Today, we'll highlight the wheat complex, outlining some tactical setups that complement our bullish structural outlook for commodities and grains.
Let’s dive in!
First up, we have Chicago wheat:
Earlier in the spring, this contract skyrocketed to new all-time highs. It’s since corrected, forming a multi-month basing formation we want to buy.
As long as Chicago wheat futures are above the mid-March closing high around 1157’1, we like it long with an initial target near 1271.
Our tactical outlook is neutral on a daily close back below those former highs.
Kansas City wheat is another contract the bulls continue to bid higher.
It’s now on the cusp of breaking above key pivot highs from earlier this spring.
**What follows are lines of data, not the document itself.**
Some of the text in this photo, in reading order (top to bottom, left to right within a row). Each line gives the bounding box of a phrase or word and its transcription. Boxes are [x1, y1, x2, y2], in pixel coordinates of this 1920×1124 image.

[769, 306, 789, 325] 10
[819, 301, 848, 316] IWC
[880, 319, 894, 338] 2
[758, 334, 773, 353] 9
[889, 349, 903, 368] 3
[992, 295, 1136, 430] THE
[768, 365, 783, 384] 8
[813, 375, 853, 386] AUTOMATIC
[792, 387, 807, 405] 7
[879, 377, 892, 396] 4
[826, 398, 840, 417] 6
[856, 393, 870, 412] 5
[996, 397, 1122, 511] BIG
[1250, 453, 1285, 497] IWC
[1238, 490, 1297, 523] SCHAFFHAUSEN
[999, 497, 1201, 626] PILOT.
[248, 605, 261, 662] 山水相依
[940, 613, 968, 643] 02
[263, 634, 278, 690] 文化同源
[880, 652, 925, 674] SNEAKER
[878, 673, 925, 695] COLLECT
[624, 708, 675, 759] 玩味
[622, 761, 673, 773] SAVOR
Here’s a daily chart of KC wheat:
This chart is a great example of the Dow Theory tenet that trends persist. It illustrates an expanding and contracting market within a primary uptrend – one base breakout after another.
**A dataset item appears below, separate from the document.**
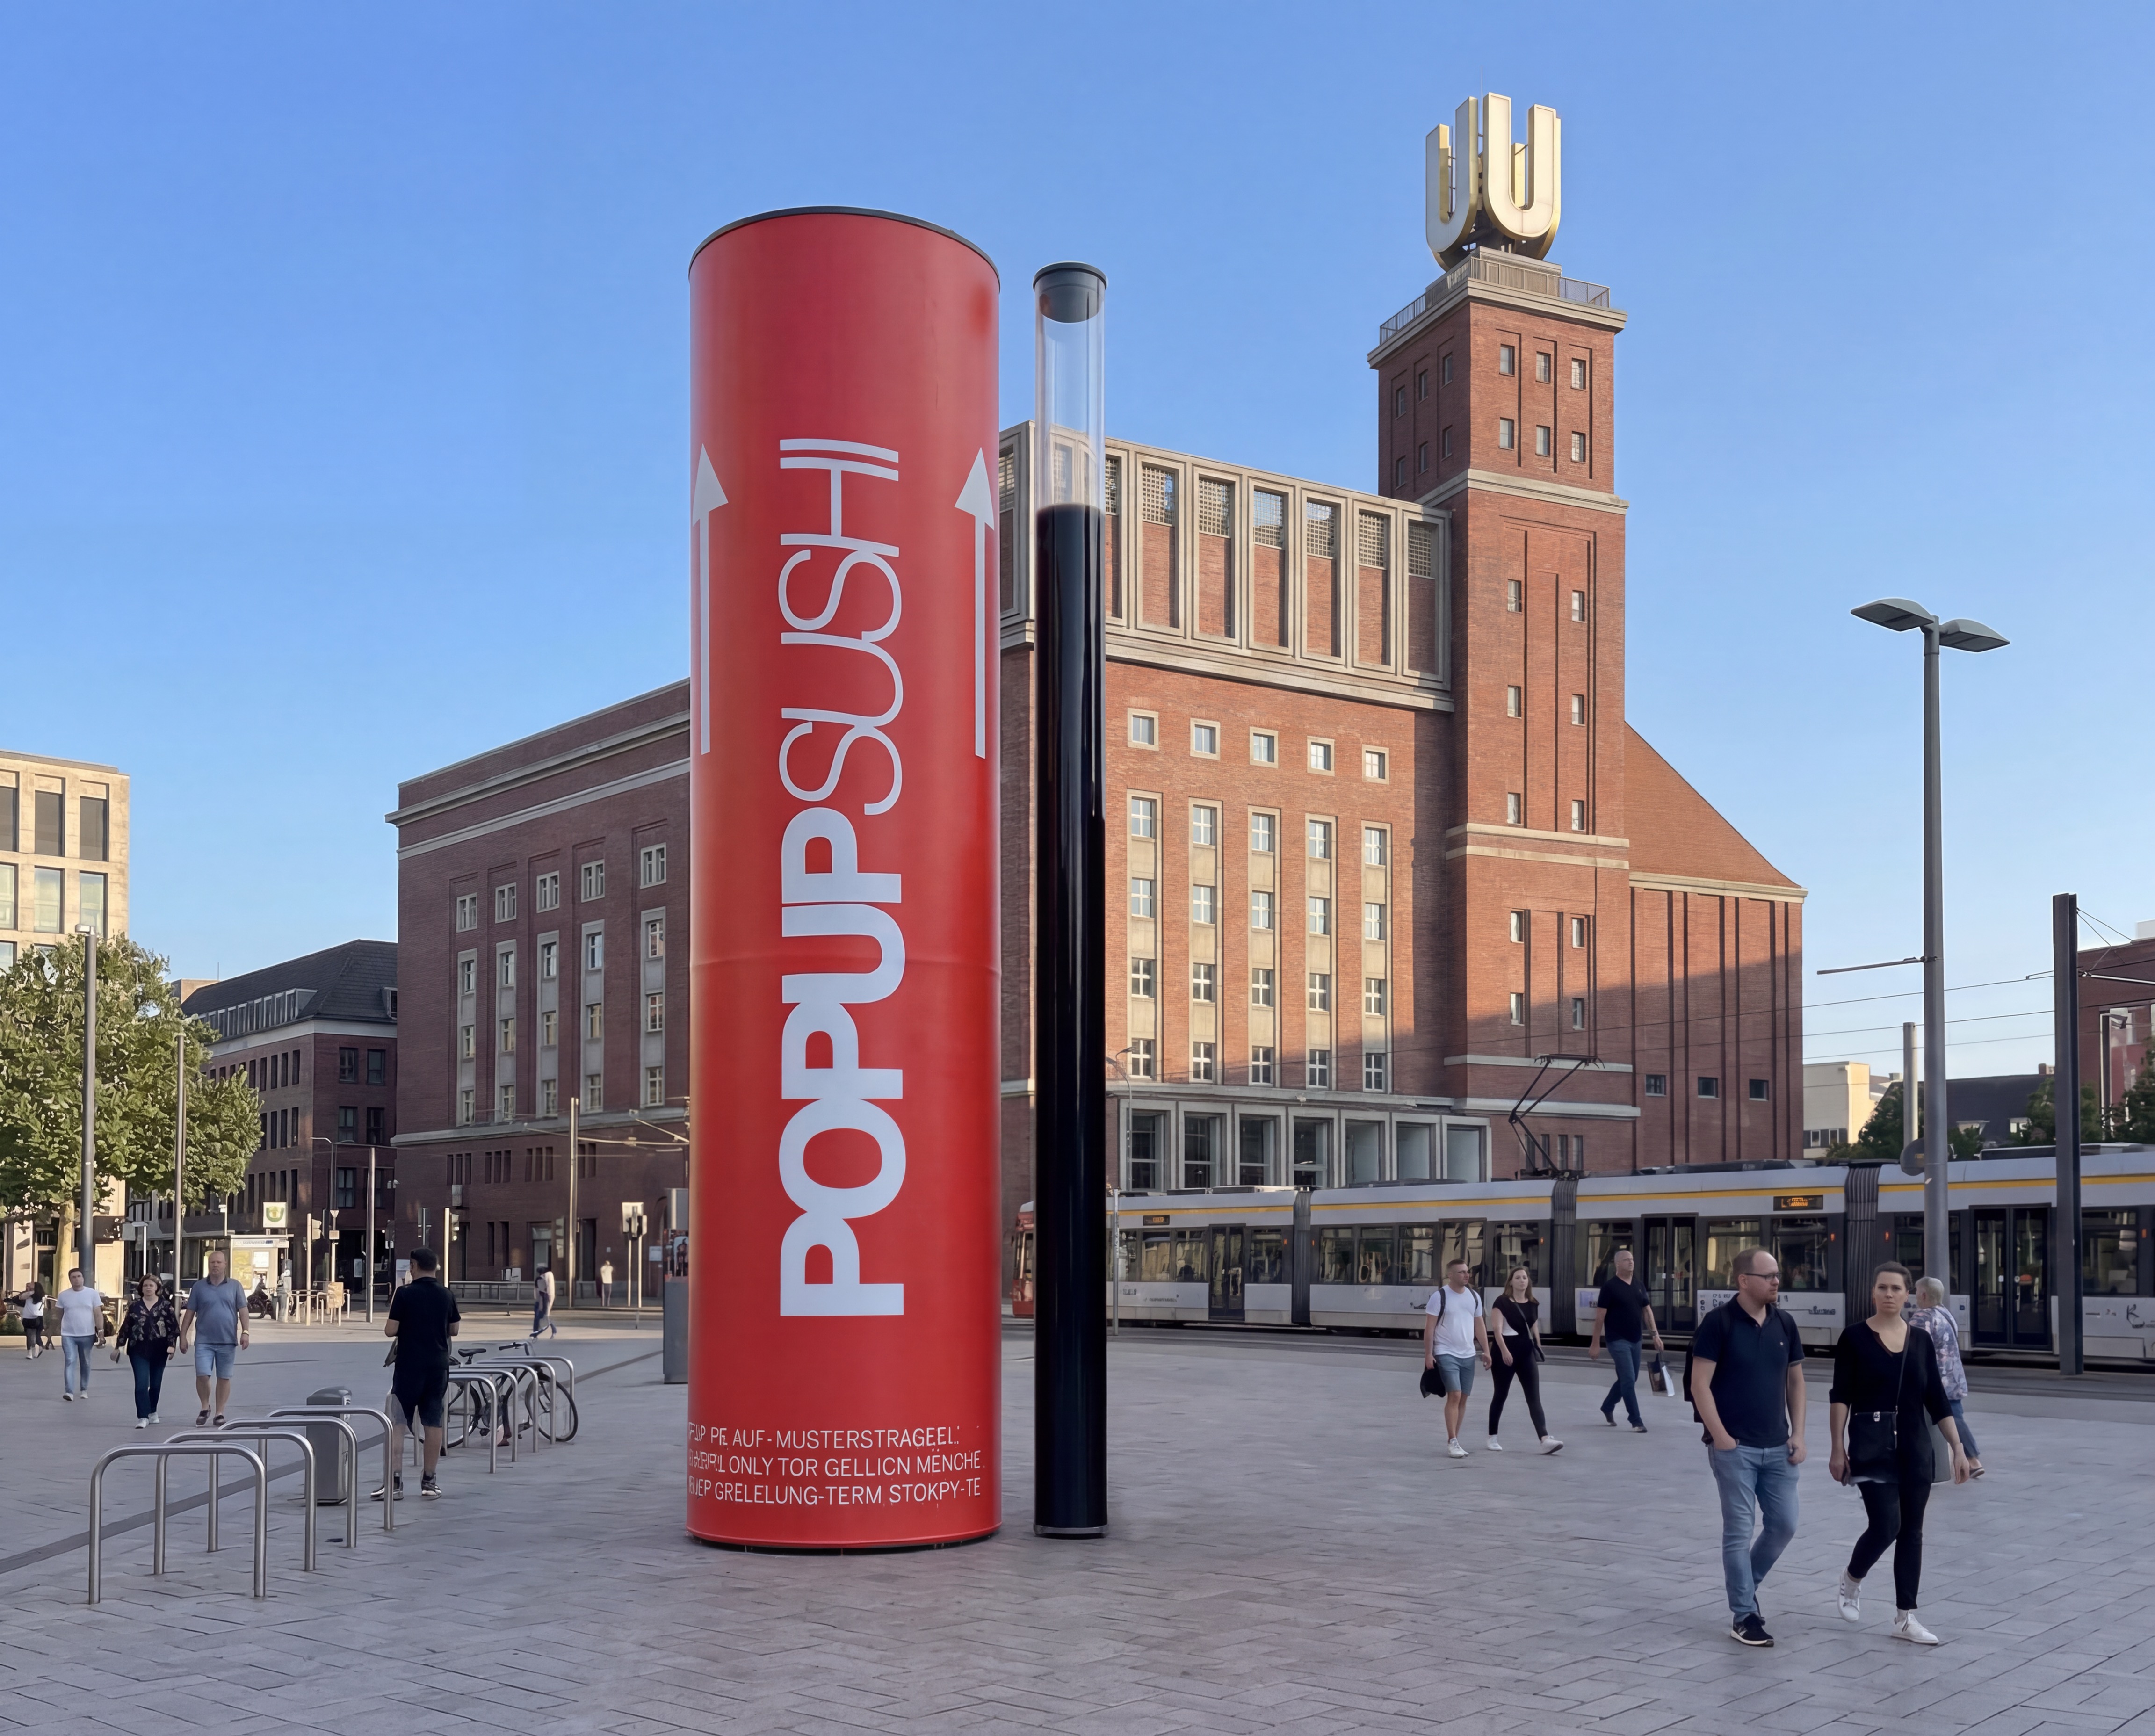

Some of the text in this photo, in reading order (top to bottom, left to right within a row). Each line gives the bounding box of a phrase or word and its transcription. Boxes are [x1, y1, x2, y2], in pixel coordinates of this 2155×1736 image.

[729, 1455, 774, 1476] ONLY
[777, 1457, 818, 1476] TOR
[824, 1457, 910, 1477] GELLICN
It’s also a cleaner setup than Chicago wheat, allowing us to define our risk at the former highs. We want to capture the next breakout and subsequent leg higher.
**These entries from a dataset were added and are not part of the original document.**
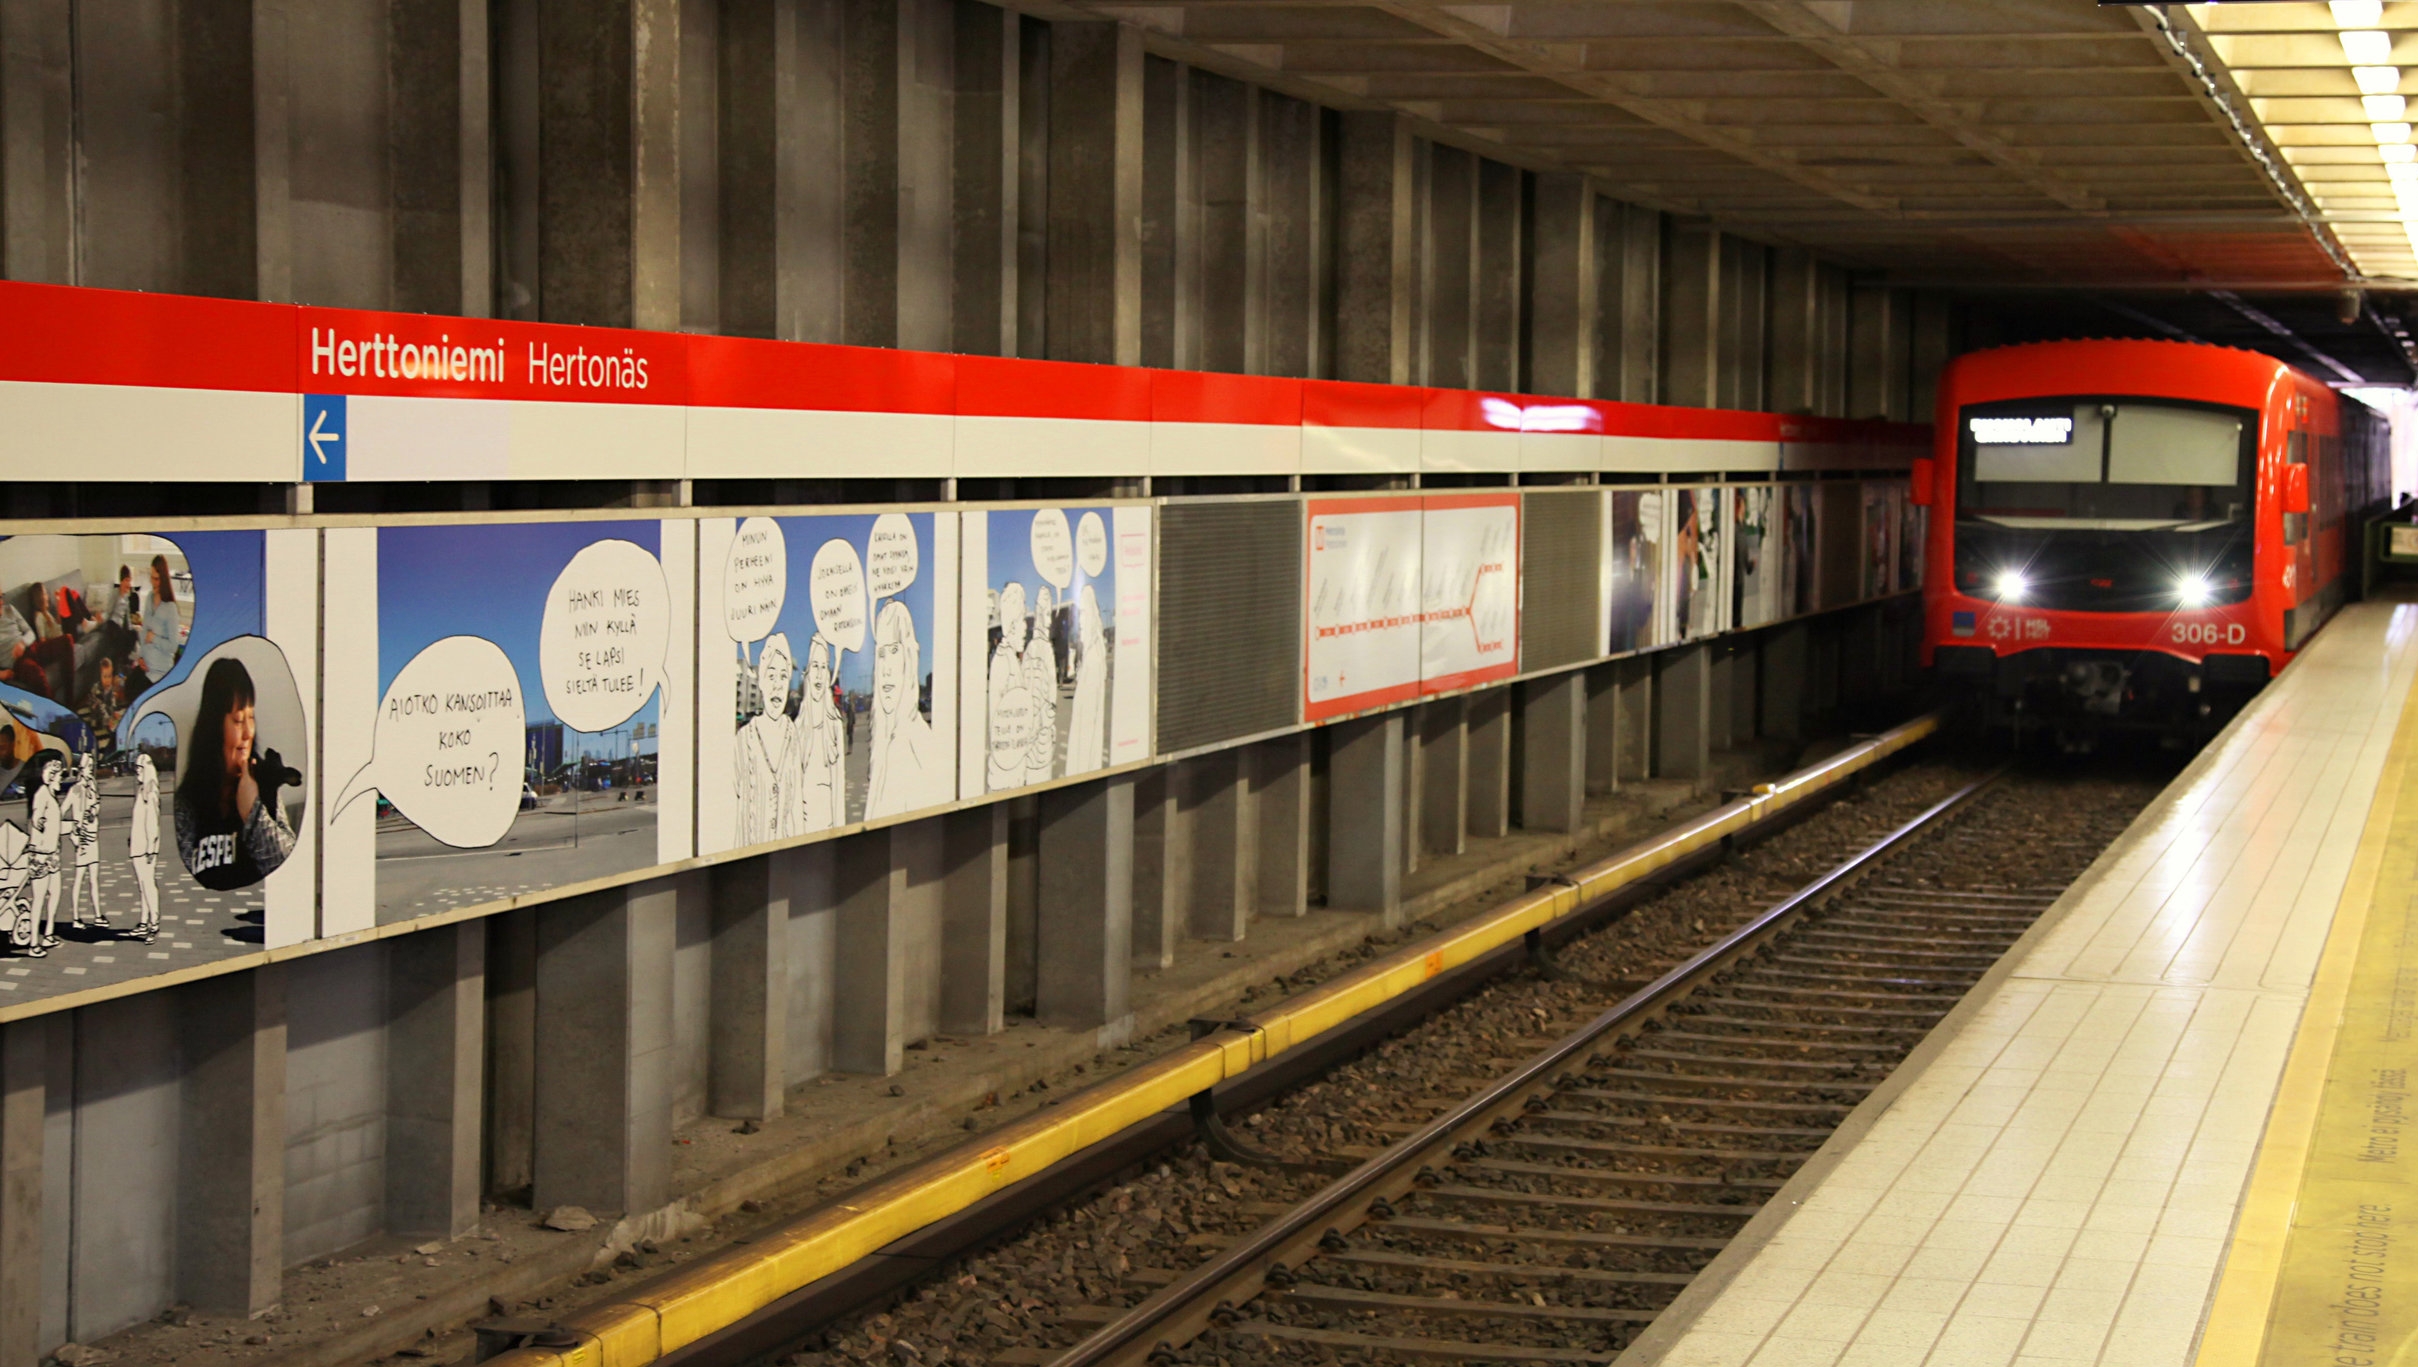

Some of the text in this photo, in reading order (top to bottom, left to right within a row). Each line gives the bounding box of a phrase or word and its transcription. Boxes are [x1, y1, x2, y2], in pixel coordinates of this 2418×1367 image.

[311, 326, 649, 390] Herttoniemi Hertonäs
[568, 588, 640, 613] HANKI MIES
[2171, 622, 2246, 645] 306-D
[578, 646, 626, 670] SE LAPSI
[388, 688, 513, 722] AIOTKO KANSOITTAA
[438, 728, 472, 751] KOKO
[2356, 1135, 2399, 1164] Metro
[2343, 1230, 2398, 1258] stop
[2341, 1259, 2385, 1283] not
[2328, 1284, 2383, 1317] does
[2326, 1319, 2376, 1353] train
Since KC wheat did not experience a similar parabolic run-up as Chicago wheat, our best bet is to wait for this contract to take out its intraday highs from early March.
If and when KC wheat breaks above 1300, we want to buy strength, targeting 1488. If we never reclaim those former highs, we’re not involved. No harm, no foul.
A review of the wheat complex wouldn’t be complete without mentioning Minneapolis spring wheat.
Here’s a daily chart of the futures contract:
Minneapolis wheat has been on our radar since it resolved higher from a running wedge last July. And from a structural perspective, we’ve been bullish above the former 2012 highs around 1050.
This is another trend that keeps marching higher. We want to err on the side of continued strength until the market indicates otherwise.
The train has already left the station from a tactical perspective as spring wheat has moved markedly higher from our risk level. We can either wait to see how price reacts at the extension level near 1355 or buy weakness back toward 1210.
Regardless of how we approach the recent breakout, Minneapolis wheat will provide plenty of trading opportunities in the coming months and quarters.
Plus, its strength can only be viewed as constructive for the rest of the wheat complex.
There are plenty of frowny faces out there resolving lower.
That’s a fact.
Lucky for us, we don’t have to participate in those trends.
Instead, we can focus our time, energy, and capital on those areas of the market that are still providing buy signals – such as wheat.
We’ll be back with more next week!
COT Heatmap Highlights
Platinum: Commercials hold one of their largest long positions in three years.
Crude Oil: Commercial hedgers' net long position increased by more than 15,000 contracts last week, nearing a three-year extreme.
Palladium: Commercials hold a net long position within 5% of a three-year extreme.
RBOB Gasoline: Commercial hedgers extended their long position to less than 7% away from a three-year record.